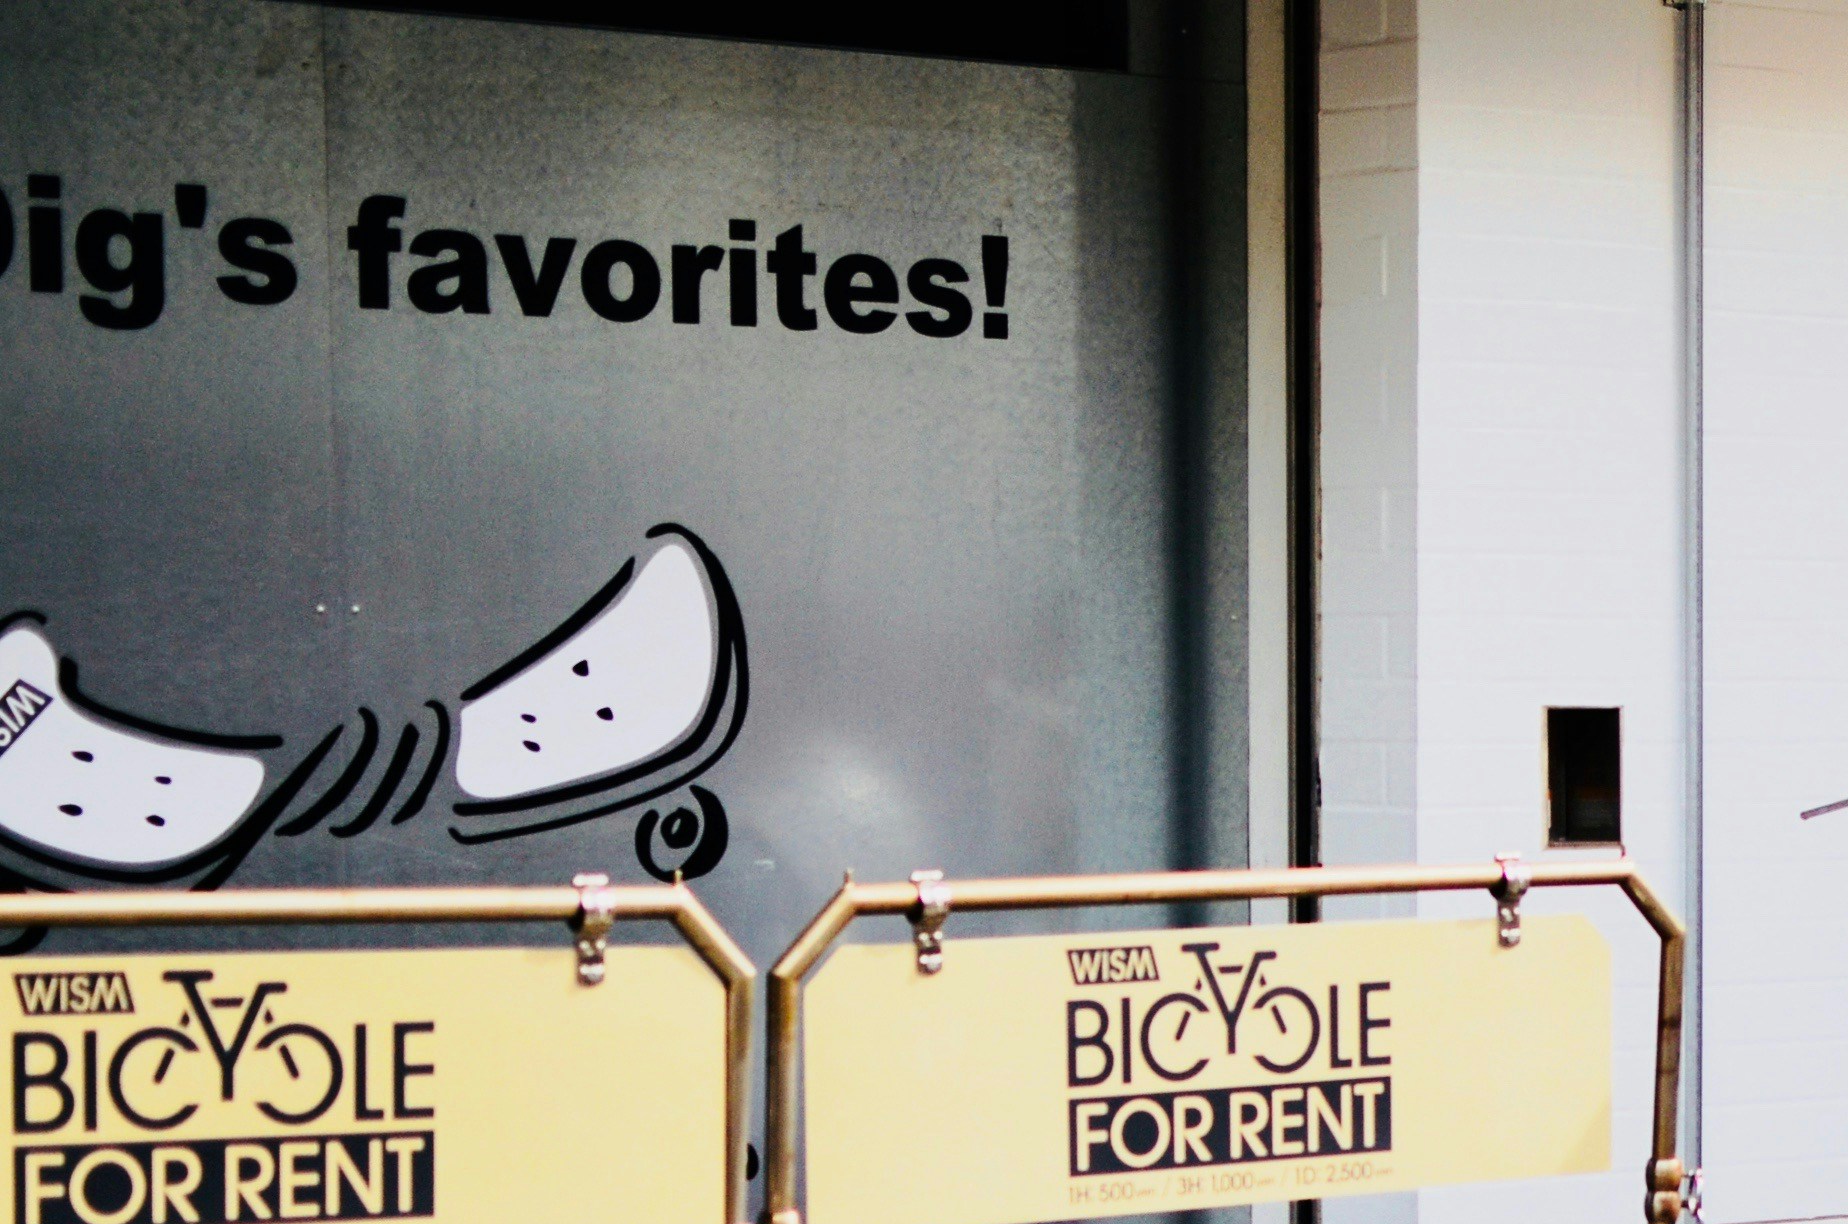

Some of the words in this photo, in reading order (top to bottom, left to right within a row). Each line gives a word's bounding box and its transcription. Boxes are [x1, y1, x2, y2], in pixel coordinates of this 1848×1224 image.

[0, 174, 298, 330] ig's
[347, 195, 1009, 340] favorites!
[18, 973, 131, 1014] WISM
[1070, 947, 1157, 983] WISM
[13, 970, 435, 1134] BICYCLE
[1067, 943, 1391, 1088] BICYCLE
[1075, 1094, 1213, 1172] FOR
[1229, 1081, 1386, 1159] RENT
[224, 1137, 426, 1222] RENT

• • •

Go through the material and set it down again exactly, but without any pictures.

Some of the words in this photo, in reading order (top to bottom, left to right within a row). Each line gives a word's bounding box and its transcription. Boxes are [x1, y1, x2, y2], in pixel coordinates of this 1848×1224 image.

[0, 174, 298, 330] ig's
[347, 195, 1009, 340] favorites!
[18, 973, 131, 1014] WISM
[1070, 947, 1157, 983] WISM
[13, 970, 435, 1134] BICYCLE
[1067, 943, 1391, 1088] BICYCLE
[1075, 1094, 1213, 1172] FOR
[1229, 1081, 1386, 1159] RENT
[224, 1137, 426, 1222] RENT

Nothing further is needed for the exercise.